I will accept, as President Barack Obama argued this afternoon, that balancing the budget will require making changes in the four programs that make up two thirds of that budget: Medicare, Medicaid, Social Security, and the military. Like the President, I won't accept a fantasy plan that destroys Medicare any more than I would accept a plan that destroys our military. But as our man Hunter says, a lasting budget fix will require looking at all programs, including the military, including South Dakota's Ellsworth Air Force Base, for opportunities to do more with less. Perhaps Rep. Noem will surprise me and listen to Mr. Hunter.

7 Comments

  1. tonyamert 2011.04.13

    Or, we could simply raise and restructure our taxes by a moderate amount to return the US to an upwardly mobile society that is fiscally solvent.

  2. Chris S. 2011.04.13

    The USA accounts for 42% of all military spending in the entire world. Everybody else only accounts for 58% COMBINED. That seems like a pretty easy area to trim fat from the budget. That is, unless we really want to be the world's policeman for all time... until we go broke, that is, and live in the Mad Max wreckage of our former empire.

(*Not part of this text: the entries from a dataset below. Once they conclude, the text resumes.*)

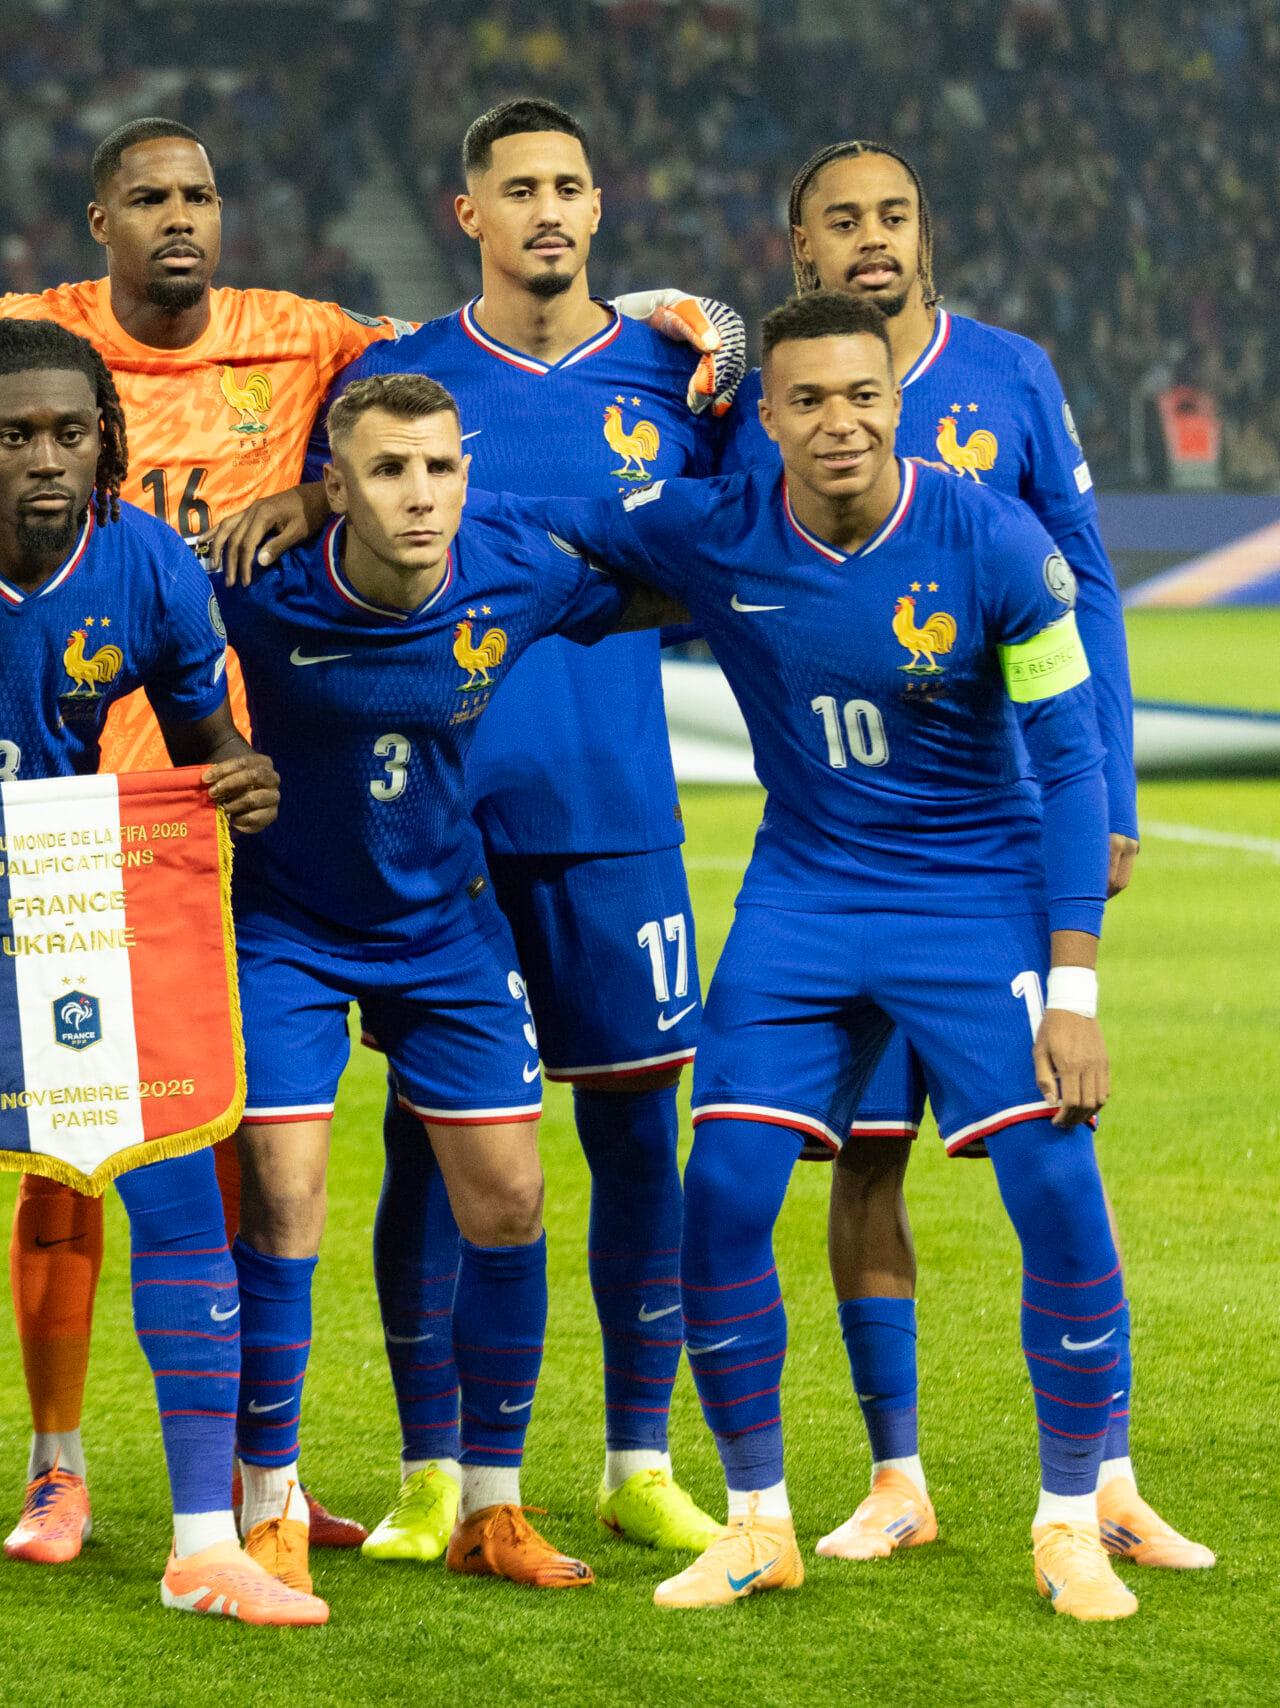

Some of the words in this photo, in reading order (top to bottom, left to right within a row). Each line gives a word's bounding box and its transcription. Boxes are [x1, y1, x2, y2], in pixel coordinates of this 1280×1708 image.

[141, 467, 214, 538] 16
[1028, 645, 1076, 675] RESPEC
[811, 695, 889, 769] 10
[370, 733, 411, 802] 3
[13, 832, 66, 851] MONDE
[71, 830, 91, 846] DE
[94, 828, 113, 845] LA
[120, 825, 147, 843] FIFA
[151, 823, 188, 839] 2026
[7, 890, 128, 919] FRANCE
[2, 927, 137, 957] UKRAINE
[636, 912, 688, 1003] 17
[62, 1031, 96, 1041] FRANCE
[0, 1085, 129, 1111] NOVEMBRE
[137, 1078, 195, 1098] 2025
[51, 1109, 118, 1130] PARIS

  3. larry kurtz 2011.04.13

    Mr. Hunter must have a pretty good view from his perch there on Pandora.

  4. mike 2011.04.13

    I've become much more libertarian on War over the last few years.

  5. mike 2011.04.13

    Get in. Get out. But win with overwhelming force and then end the stupid thing one way or another. It is after all WAR!

  6. mike 2011.04.13

    Cory,

    Haven't had time to read Ryan's plan but is this similar to what SHS said she supported back during the election and Kristi denied?